UNITED STATES OF AMERICA
V.
OPEYEMI M. AKINTOMIDE, DEFENDANT.



The opinion of the court was delivered by: Urbina, District Judge.

MEMORANDUM OPINION

Granting the Defendant's Motion for Reconsideration of Sentence

I. INTRODUCTION

Mr. Opeyemi M. Akintomide last appeared before this court in December 1997 for sentencing on a drug-related offense. Since then, his case has taken a number of procedural turns through the D.C. Circuit. Mr. Akintomide has now returned to this court on remand from the Court of Appeals for reconsideration of his 1997 sentence. In the interest of clarity, the court will briefly describe the procedural history of the case before addressing the merits of Mr. Akintomide's motion for reconsideration

II. PROCEDURAL HISTORY

On June 26, 1997, a grand jury returned an indictment charging the defendant with Unlawful Possession with Intent to Distribute 500 Grams of Cocaine in violation of 21 U.S.C. § 841(a)(1) and (b)(1)(B)(ii).
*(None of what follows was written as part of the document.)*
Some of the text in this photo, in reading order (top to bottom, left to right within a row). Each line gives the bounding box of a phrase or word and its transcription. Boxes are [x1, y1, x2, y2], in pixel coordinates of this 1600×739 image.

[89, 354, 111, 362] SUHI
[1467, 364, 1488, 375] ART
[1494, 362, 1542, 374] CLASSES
On August 15, 1997, this court denied the defendant's motion to suppress tangible evidence and post-arrest statements. See Tr. of Mot. Hr'g dated Aug. 15, 1997 ("Tr. I") at 31. Thereafter, the defendant entered a plea of guilty to the charged offense. See Tr. of Plea Hr'g dated Aug. 20, 1997 ("Tr.II") at 2. On August 21, 1997, having learned that the drug involved in the offense was heroin, not cocaine, the grand jury returned a superseding indictment charging the defendant with Unlawful Possession and Intent to Distribute 100 Grams or More of Heroin in violation of 21 U.S.C. § 841(a)(1) and (b)(1)(B)(i). The defendant pleaded guilty to this charge on September 8, 1997.
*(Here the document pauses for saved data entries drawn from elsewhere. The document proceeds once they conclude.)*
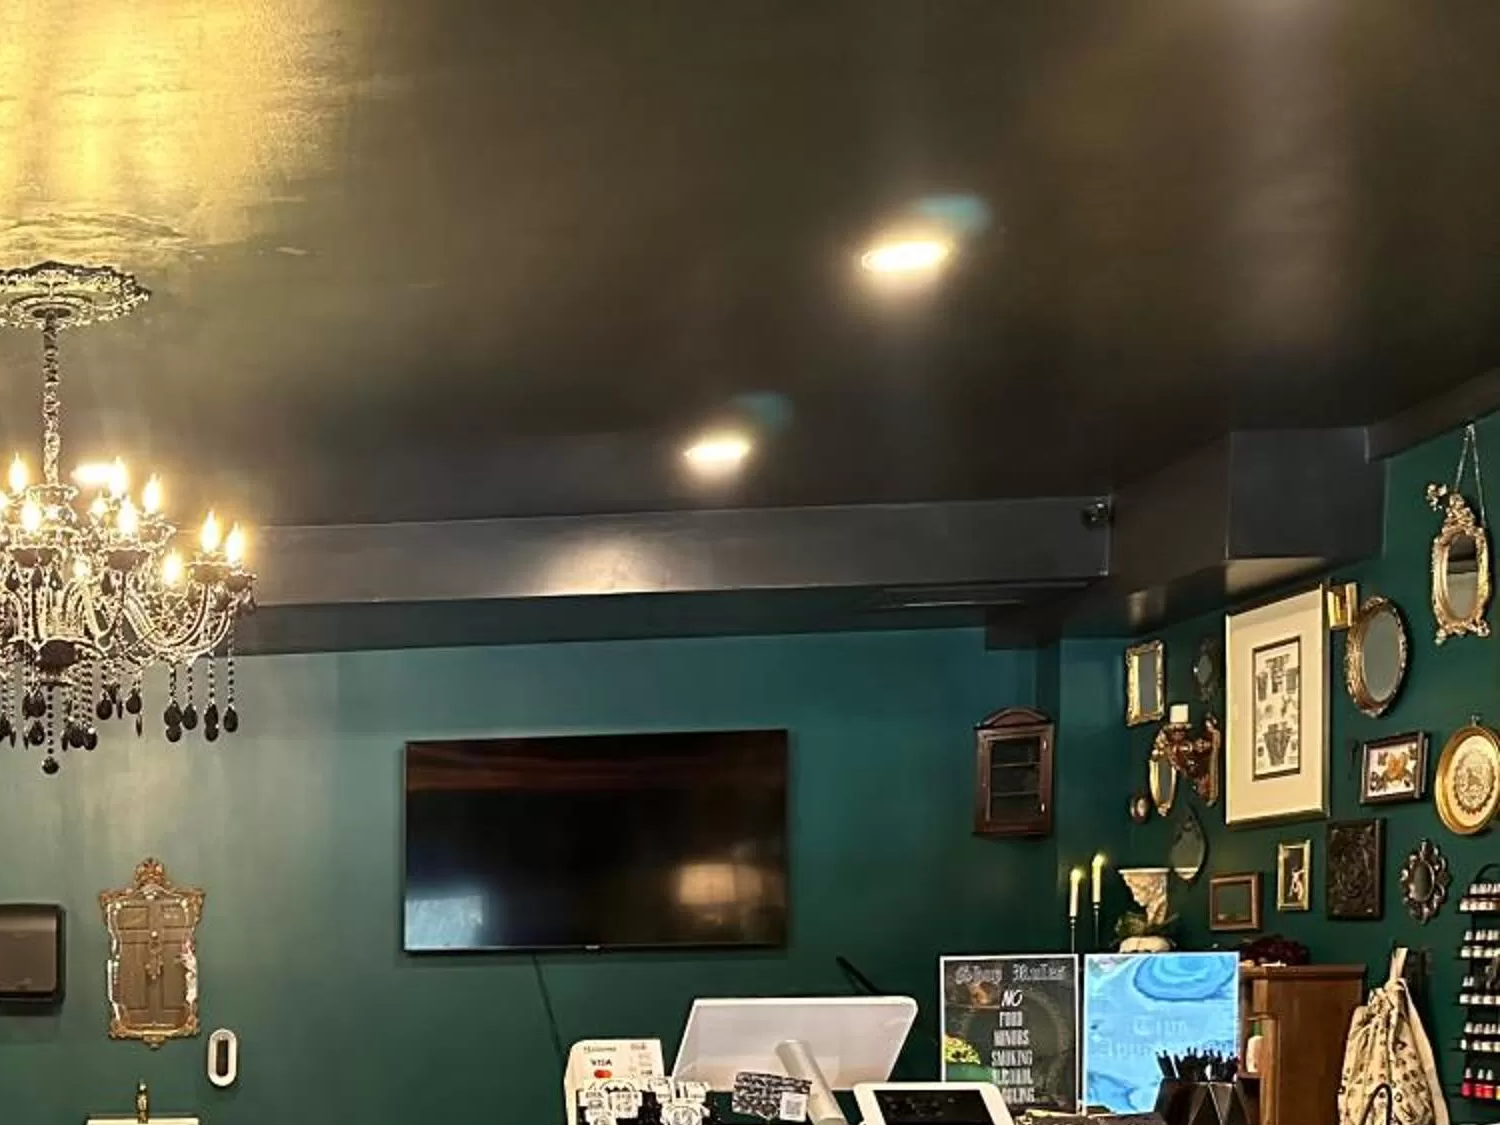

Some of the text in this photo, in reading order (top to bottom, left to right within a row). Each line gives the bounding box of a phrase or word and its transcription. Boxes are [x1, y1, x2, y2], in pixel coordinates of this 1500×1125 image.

[1001, 988, 1024, 1008] NO
[999, 1010, 1023, 1028] FOOD
[993, 1029, 1030, 1047] MINORS
[590, 1058, 613, 1068] VISA
[991, 1049, 1034, 1068] SMOKING
On December 3, 1997, the court sentenced the defendant to 78 months in prison, 5 years of supervised release, and a special assessment of $100.00. The defendant immediately appealed to the D.C. Circuit on the ground that he received ineffective assistance of counsel in violation of the Sixth Amendment to the U.S. Constitution. To this end, the defendant advanced two arguments: first, that his attorney had failed to present adequate evidence at the suppression hearing; and second, that his attorney had failed to request a reduction in his offense level under section 3B1.2 of the U.S. Sentencing Guidelines ("U.S.S.G.").*fn1

On April 22, 1999, a three-judge panel of the D.C. Circuit rejected the defendant's claim that he had received ineffective assistance of counsel at the suppression hearing. On that same day, the full Court sua sponte ordered an en banc rehearing of the defendant's second claim, namely, whether the failure to request a sentence reduction under U.S.S.G. § 3B1.2 constituted ineffective assistance of counsel. Before the rehearing took place, however, the government changed its position on the proper scope of section 3B1.2. Specifically, the government repudiated its earlier position that the defendant was per se ineligible for a downward adjustment under section 3B1.2. Instead, the government argued that there was no reasonable likelihood that the defendant, who was held accountable only for the drugs he carried, would have been able to demonstrate that he was entitled to a downward sentence adjustment under section 3B1.2.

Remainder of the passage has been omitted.